El Instituto de Parasitología y Biomedicina López Neyra (IPBLN), instituto del Consejo Superior de Investigaciones Científicas (CSIC) en Granada, ha identificado las terapias basadas en cortistatina como estrategias atractivas para mejorar la fibrosis hepática grave de diversas etiologías.

En concreto, los investigadores han evaluado la capacidad de la cortistatina para regular la fibrosis hepática. Para ello, han usado dos modelos experimentales de hepatotoxidad y colestasis. Todo ello utilizando en ratones generados por exposición crónica a un agente tóxico y por ligadura de las vías biliares, respectivamente

El trabajo, ya publicado en ‘British Journal of Pharmacology’, ha señalado la cortistatina como un freno molecular endógeno de la fibrosis hepática. Igualmente, su deficiencia puede usarse como un posible marcador de mal pronóstico para los trastornos hepáticos crónicos que cursan con fibrosis.

Efectos de la cortistatina

Aportaba más información al respecto el investigador Mario Delgado.

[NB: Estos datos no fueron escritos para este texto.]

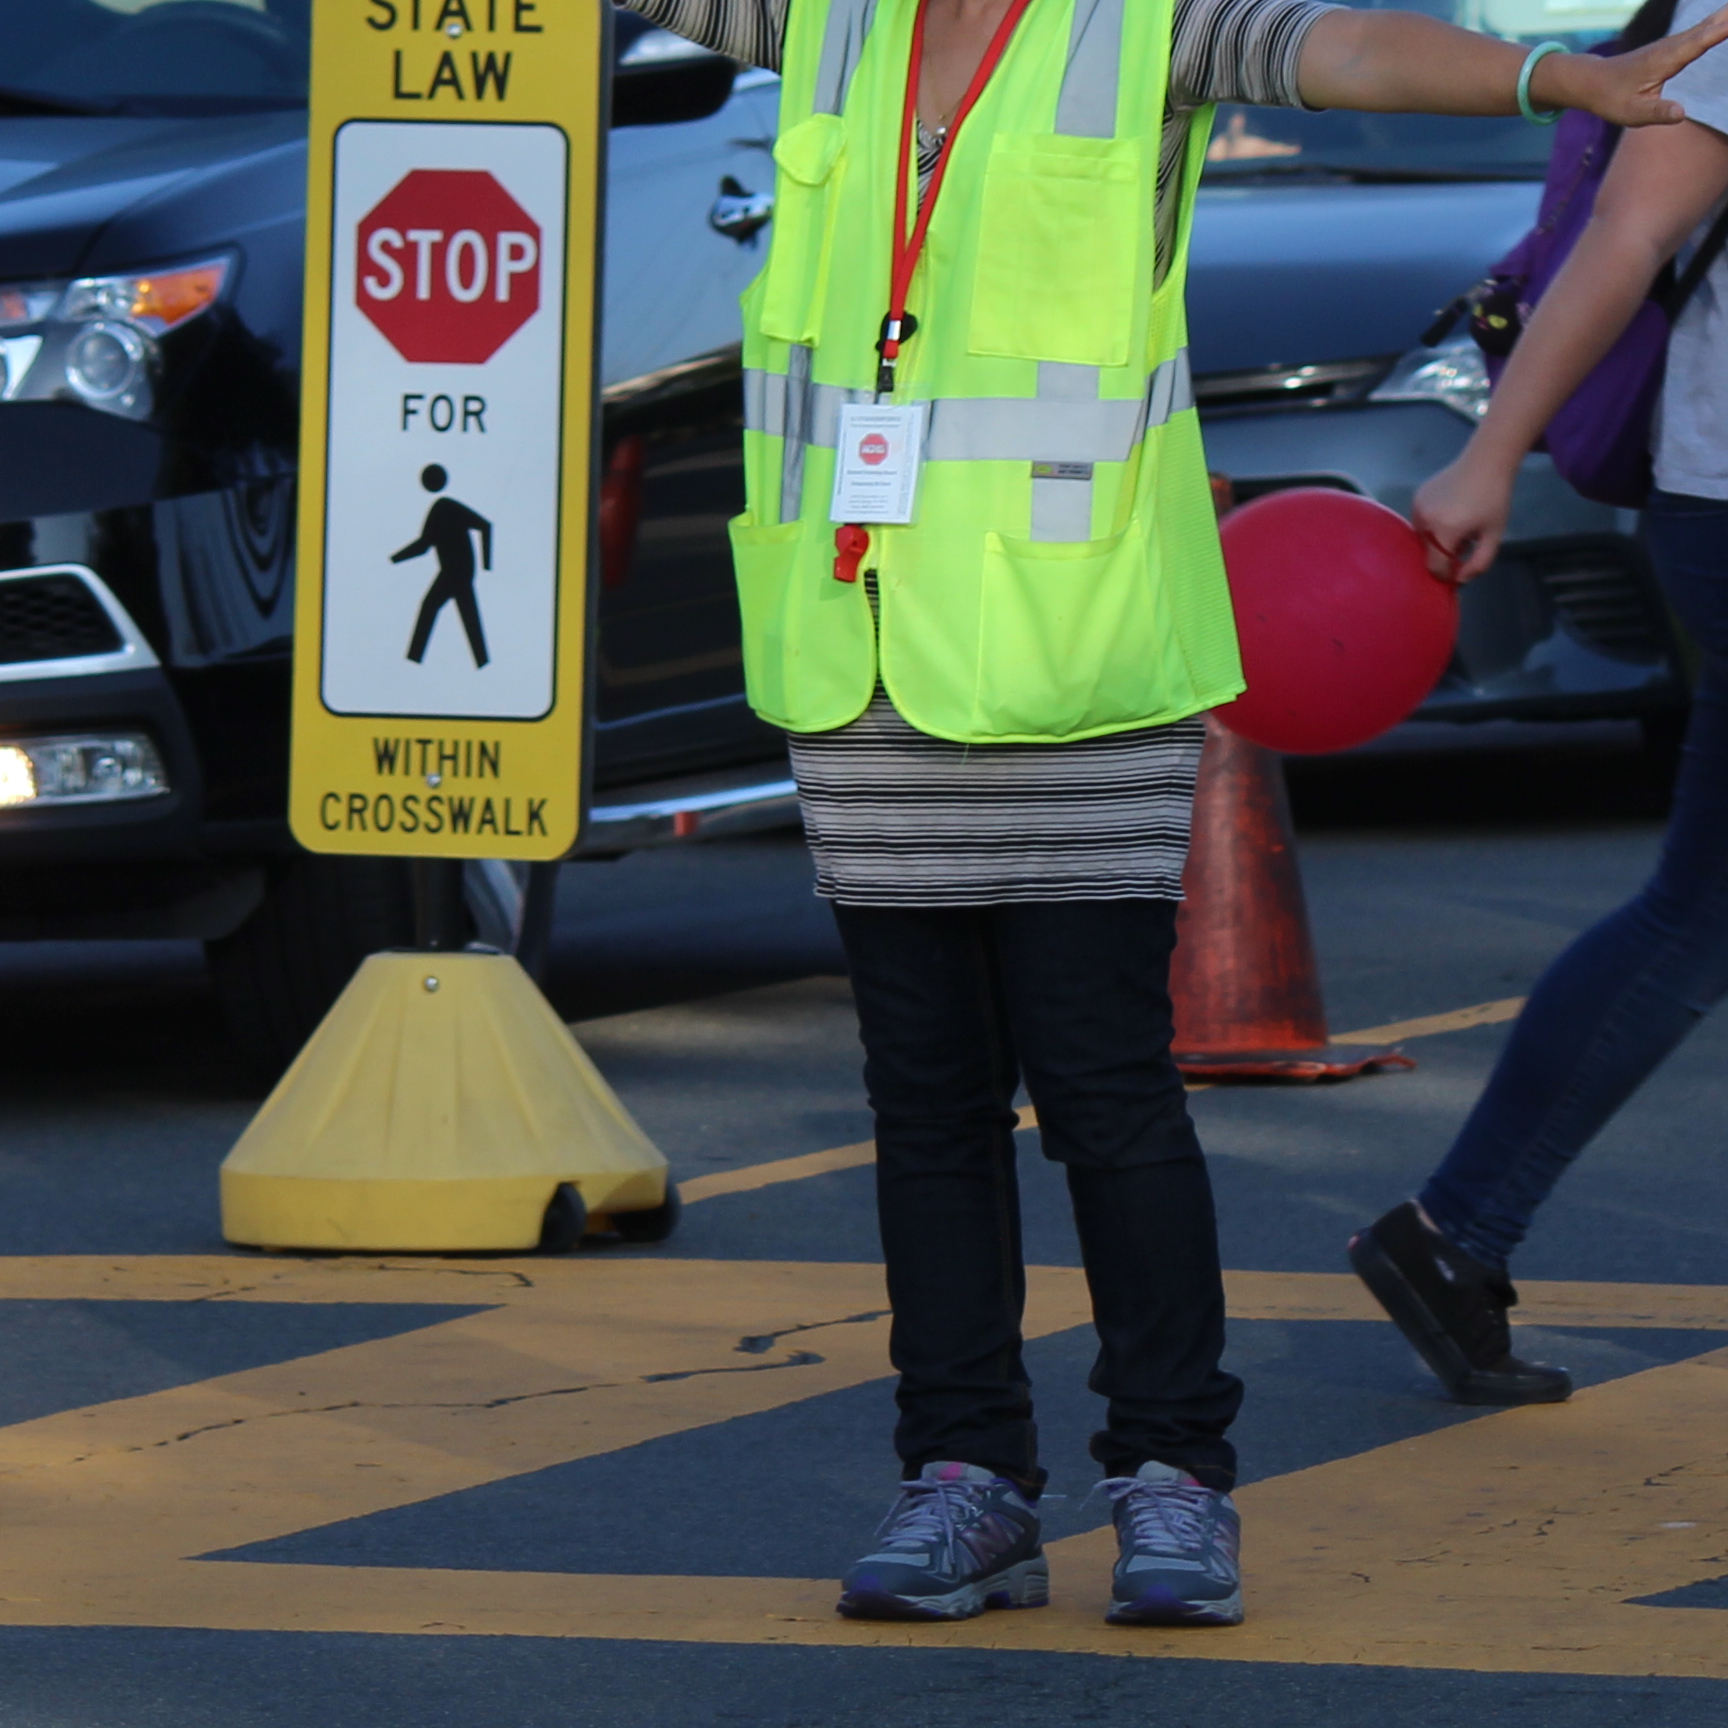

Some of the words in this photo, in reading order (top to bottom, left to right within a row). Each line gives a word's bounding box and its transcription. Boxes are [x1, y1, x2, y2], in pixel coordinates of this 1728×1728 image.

Este explicaba que la expresión hepática de cortistatina se correlacionó inversamente con el grado de fibrosis hepática en ratones y humanos con trastornos hepáticos de distinta etiología.

De esta forma, los ratones con esta deficiencia mostraron signos exacerbados de daño hepático, fibrosis y cirrosis y mayores tasas de mortalidad. Es decir, cuando fueron expuestos a estímulos lesivos tóxicos y colestáticos. En comparación con los ratones con dotación genética normal del neuropéptido, las células hepáticas no parenquimatosas aisladas de ratones con deficiencia en cortistatina mostraron una mayor presencia de células con fenotipos de miofibroblastos activados.

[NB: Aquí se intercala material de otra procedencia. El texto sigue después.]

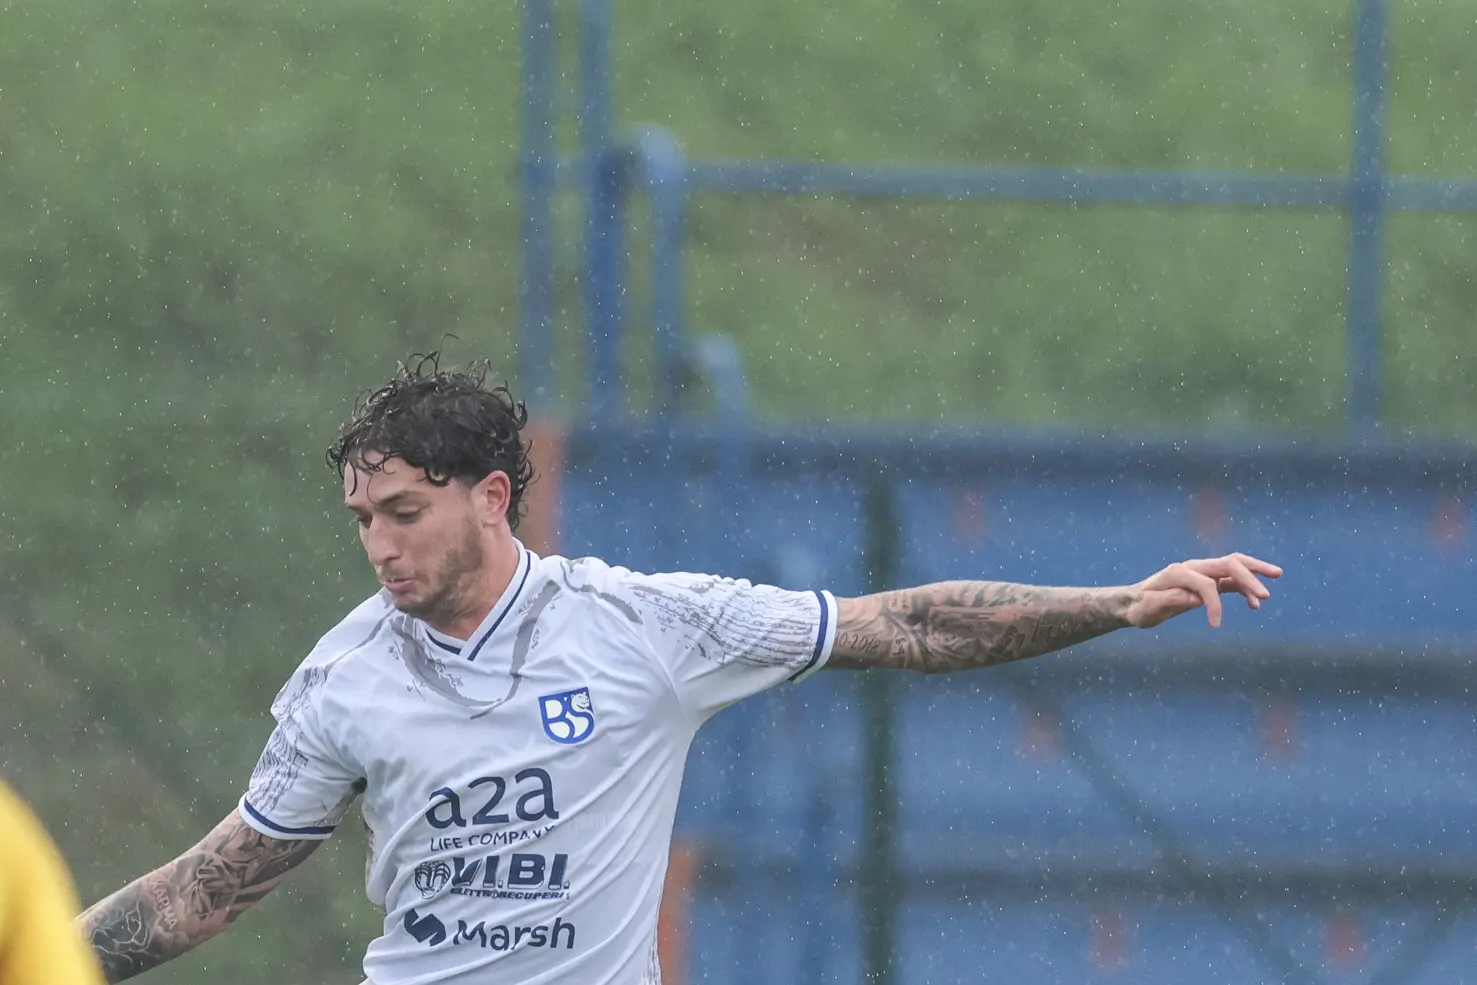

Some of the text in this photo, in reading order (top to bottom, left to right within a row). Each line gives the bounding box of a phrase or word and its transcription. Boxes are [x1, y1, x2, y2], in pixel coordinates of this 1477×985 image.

[424, 767, 560, 829] a2a
[429, 837, 464, 852] LIFE
[452, 916, 576, 951] Marsh

En este sentido, se comprobó que el tratamiento revirtió in vivo e in vitro estos fenotipos fibrogénicos exagerados. También protegió de la progresión a fibrosis hepática grave en respuesta a la lesión hepática.

Por último, los investigadores remarcan que la fibrosis hepática inducida por una lesión hepática crónica sigue siendo una de las principales causas de morbilidad y mortalidad. Por ello, urge la identificación de factores de susceptibilidad y pronóstico y de nuevas herramientas terapéuticas para el tratamiento de los trastornos fibróticos hepáticos.